This is not a rhetorical question. Rather it is a question, which answer has to be informed by history:
The first historical record of an economic investment bubble popping leading to a crisis is the "tulip crisis" of the Netherlands. In its time, investors (called florists) bought tulip onions and speculated that the tulip would have a novel plant disease that would lead to funny patterns on the tulip's blossom.

Since the blossomed tulip would be much more valuable than the onion, this investment promised huge profit. Soon other people started to buy tulip onions. Soon the demand overwhelmed the offer. Soon the prices skyrocketed. Soon not tulip onions were traded but a derivative that promised tulip onions. The highest bid recorded was a house in one of the best locations in a major city for a derivative that promised three (!) tulip onions.

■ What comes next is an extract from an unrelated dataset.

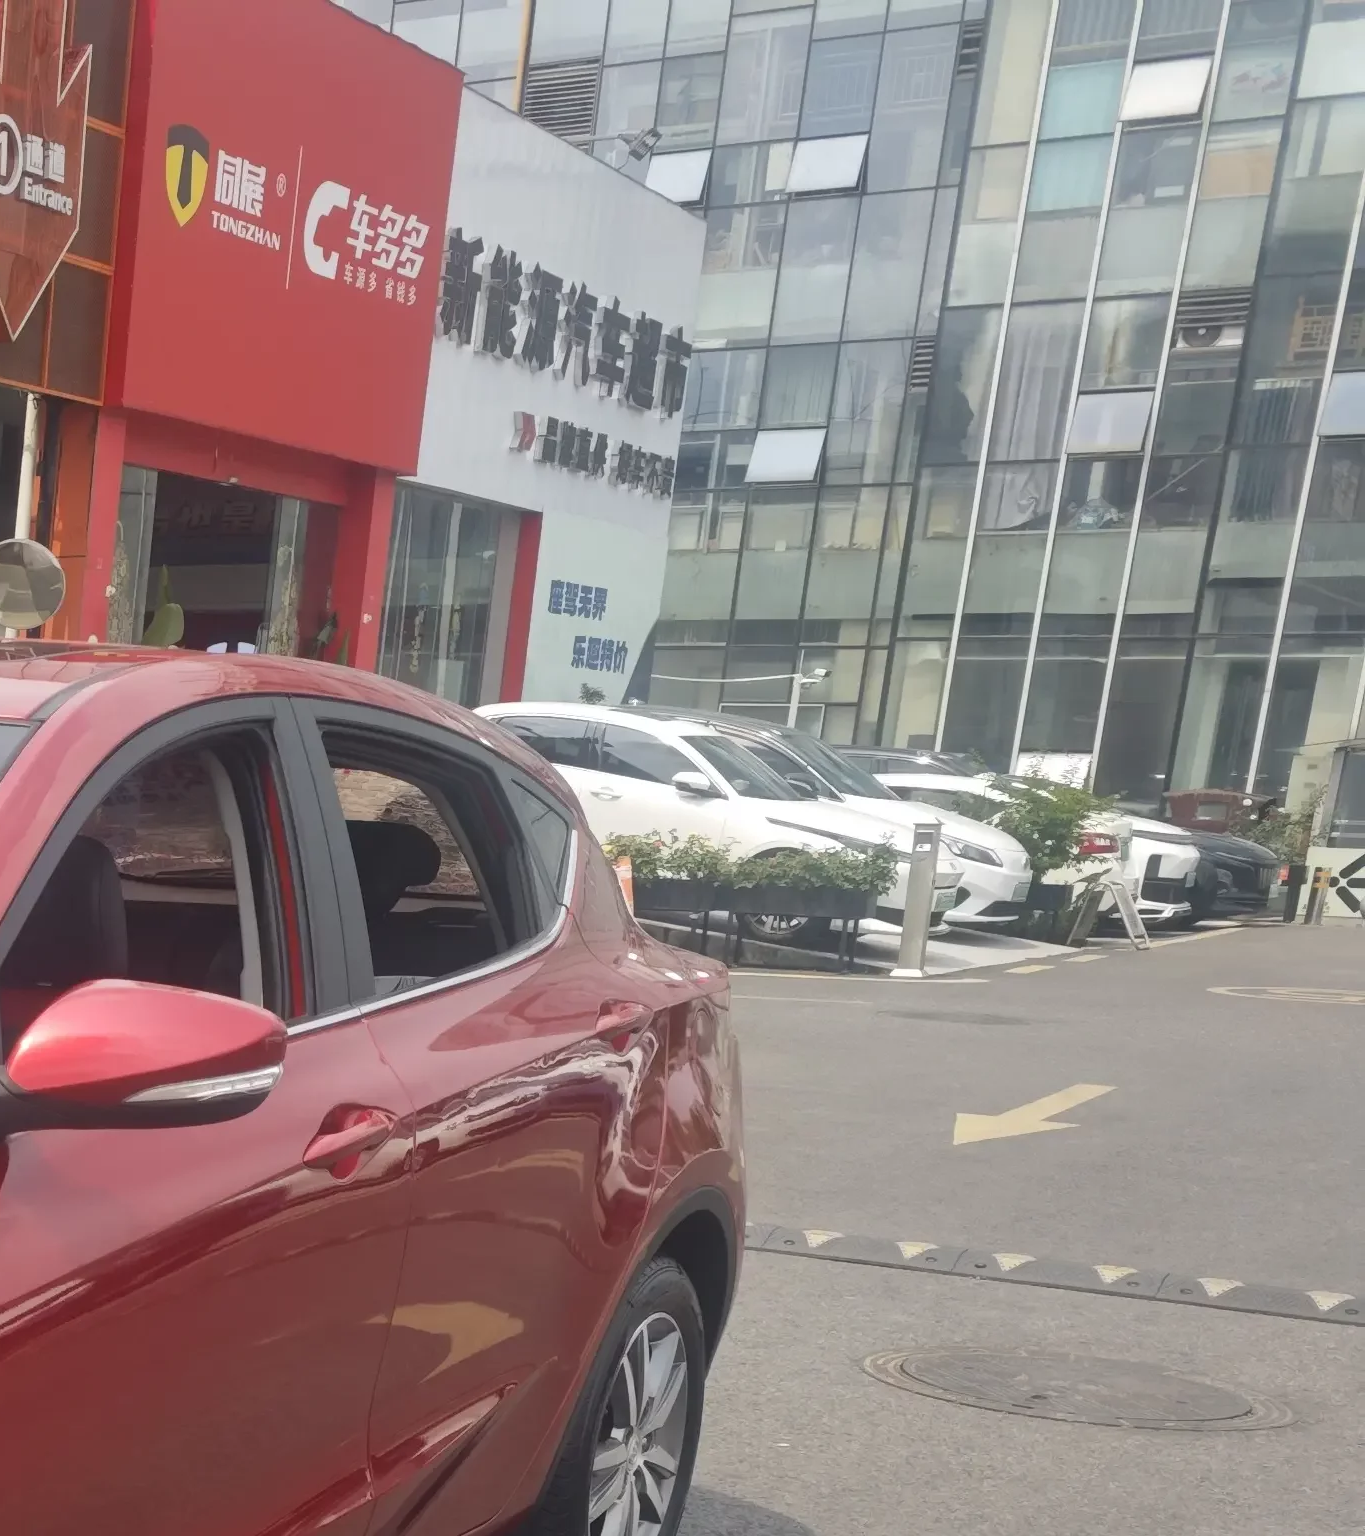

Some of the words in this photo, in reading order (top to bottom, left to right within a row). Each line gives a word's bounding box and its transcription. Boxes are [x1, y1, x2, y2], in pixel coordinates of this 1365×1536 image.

When time came to cash in, nobody actually wanted the tulips, because everyone only wanted the profits from investing into tulips. The value of the investment turned out to be zero. Most of the derivatives were fake anyway. All money was lost for everyone, who was still invested into tulips.

Back to the non-rhetorical question: What is the difference between cryptocurrencies and tulip onions as an investment?

You could basically replace most cryptocurrencies by mailing cash. That is irreversible and anonymous as well. You might not be able to prove that you mailed the cash. However people who need irreversible and anonymous money transfers typically can't go to court over the cash mailed. Likewise you can't take an anonymous party to court over not receiving a service after paying in BitCoin.
Cryptocurrencies may be more secure and more practical than mailing cash. However very few people actually use Bitcoin as a means to transfer money.
As a money transaction service for most people, PayPal is

  • faster - within one minute instead of one hour (~10 minutes per block, 6 blocks for relative safety)
  • safer - reversible in case of fraud, no losing access to your wallet (in case of handling your own wallet), no losing your wallet in a hack, no going bankrupt of an uninsured service provider (PayPal is a bank and thus subject to stability mechanism) due to a hack (hacks of service providers already happened). And all of this isn't even addressing that the initial paper already described an attack that would be counted as feasible in actual cryptography: To break BitCoin, you only need half of the computational power of the network for one hour, actual cryptography experts usually consider all of the computational power of all computers currently available until the heat death of the solar system as safe.
    The attack already "happened" by accident leading to a split in the block chain from which a spin-off cryptocurrency was founded.
  • cheaper - free for private persons, low percents for businesses instead of two digit dollar amounts for a single transaction to get sufficient priority.

This comparison may seem useless, because of existing use cases for cryptocurrencies. However the question is, if BitCoin (or a basket of cryptocurrencies) is a proper investment and not if there are any use cases. I'm refuting that any use case for Bitcoin addresses a problem for so many potential users, as to stabilize or even continually increase the value of Bitcoin, which could make it a proper investment.
I'm not affiliated to PayPal other than being a customer.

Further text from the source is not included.